Comme déjà évoqué, les économistes keynésiens (gauche) et néolibéraux (droite) peuvent interpréter des données économiques identiques de manière différente en raison de leurs croyances sous-jacentes sur le rôle de l'État, du marché etc. 

La question générale pourrait être : mais qui donc n'est pas expert ? Comme le montre cette excellente vidéo belge (une fois) : le meilleur expert est celui qui se trompe le moins.

Toutes les opinions et analyses d'experts partent nécessairement d'une idéologie, d'une vision du Monde qui détermine secondairement toute notre existence à travers nos convictions morales, économiques, politiques, de notre idée de la justice jusqu'aux goûts artistiques (voir Les 2 visions du Monde).

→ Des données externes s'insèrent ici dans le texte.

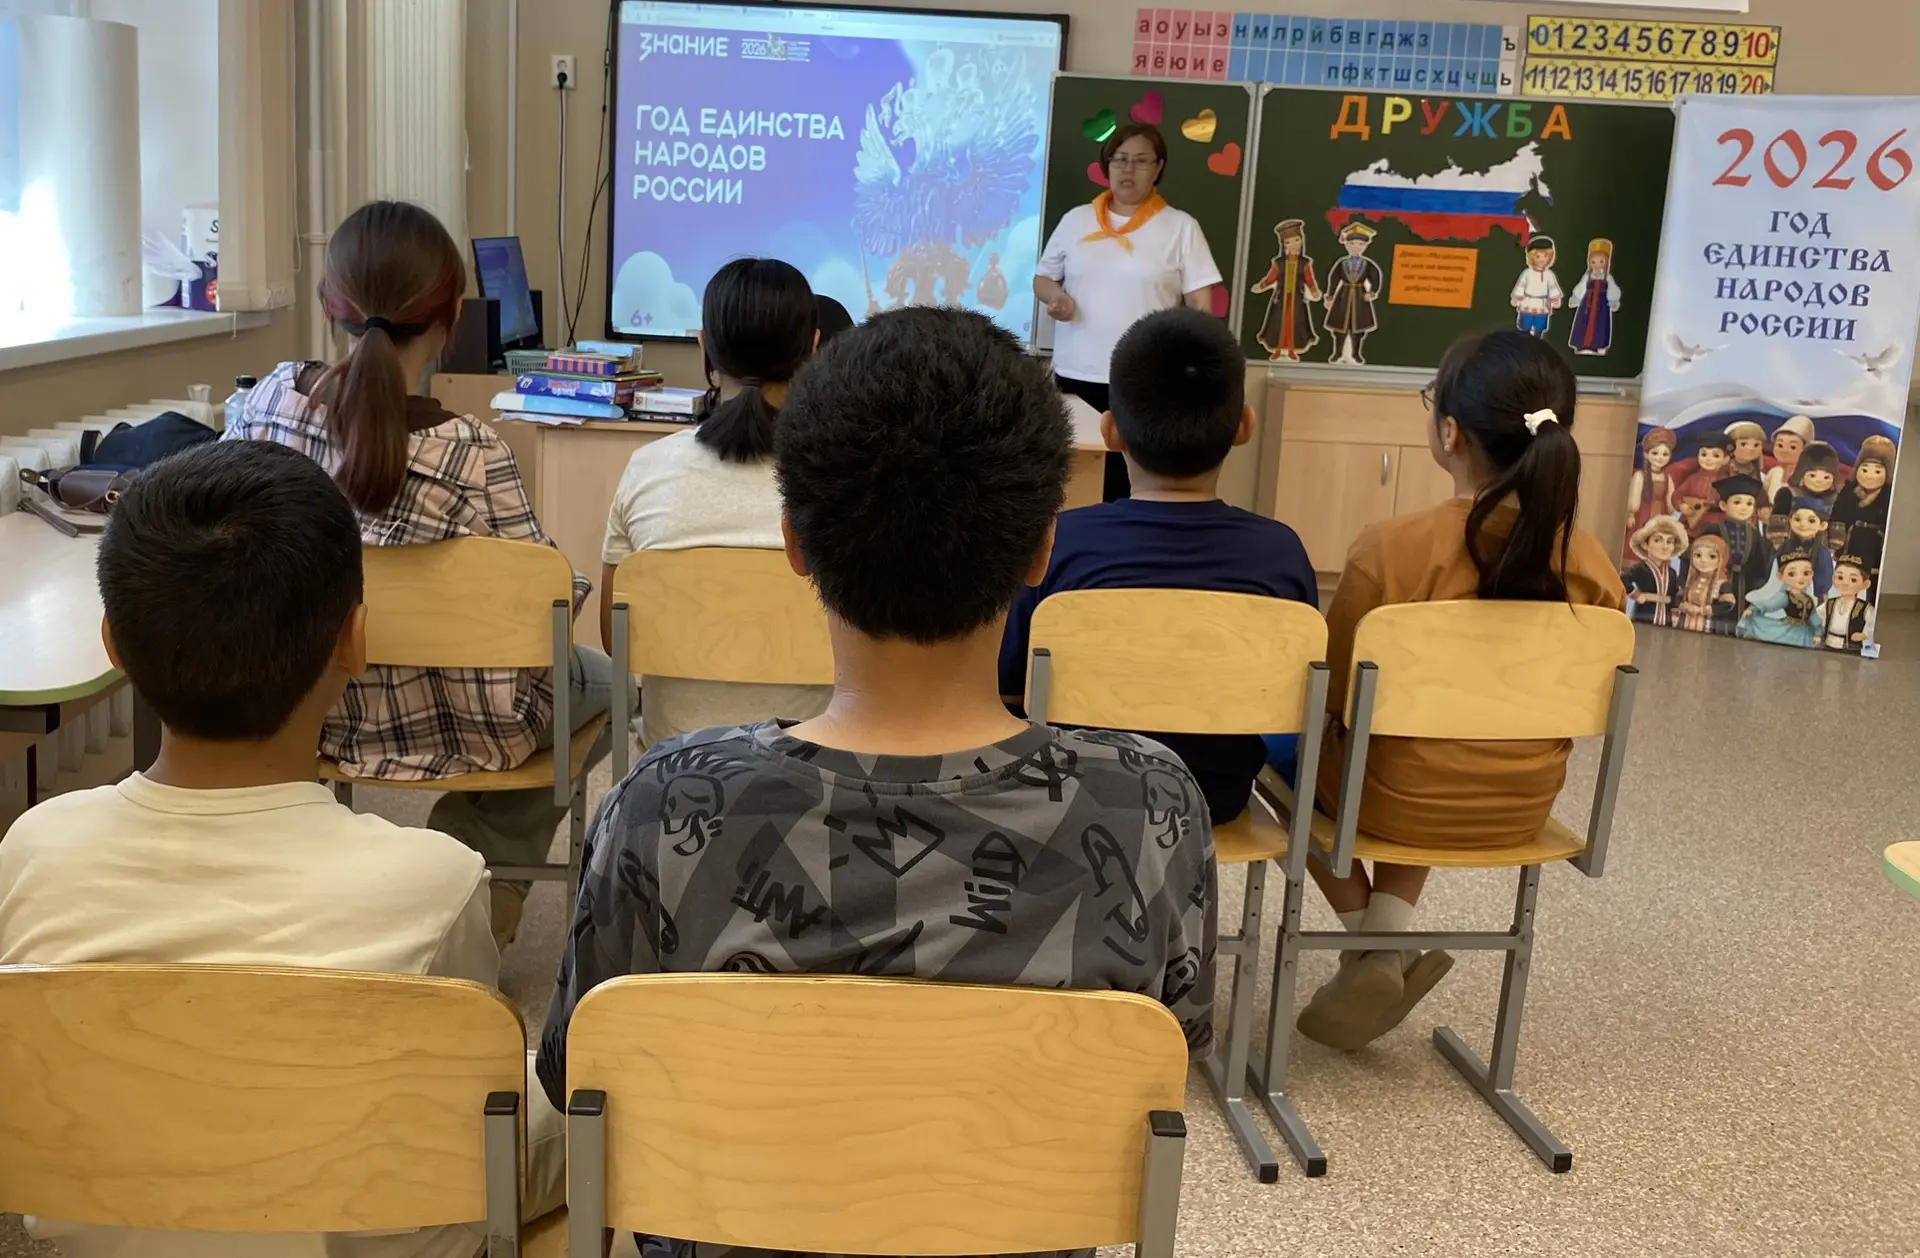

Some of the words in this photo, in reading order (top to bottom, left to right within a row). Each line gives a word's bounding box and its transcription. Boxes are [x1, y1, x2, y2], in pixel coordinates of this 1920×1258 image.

Et comme nous sommes 8 milliards d'individus, c'est autant d'agencements différents entre les déterminants génétiques et environnementaux dont aucun n'est "choisi librement", et ce, depuis la conception (voir Combien de Mondes ? 8 milliards !). Une sorte de jeu du Fakir dont les boules génétiques sont de couleur différente, se heurtent et passent le crible de l'environnement du lieu et du temps, le tout dans un chaos déterministe ne laissant que peu de place à la prévision / prédiction des comportements humains et, plus grave, météorologiques.


Se forment ainsi les visions matérialistes (tout est "matière" en interaction) ou spiritualistes (la matière certes... "mais pas que") qui gouvernent ensuite nos prises de position, opinions, valeurs etc. 

Ce qui se résume, que l'on soit "expert" ou "vulgum pecus", par cette question essentielle : d'où parle-t-on ?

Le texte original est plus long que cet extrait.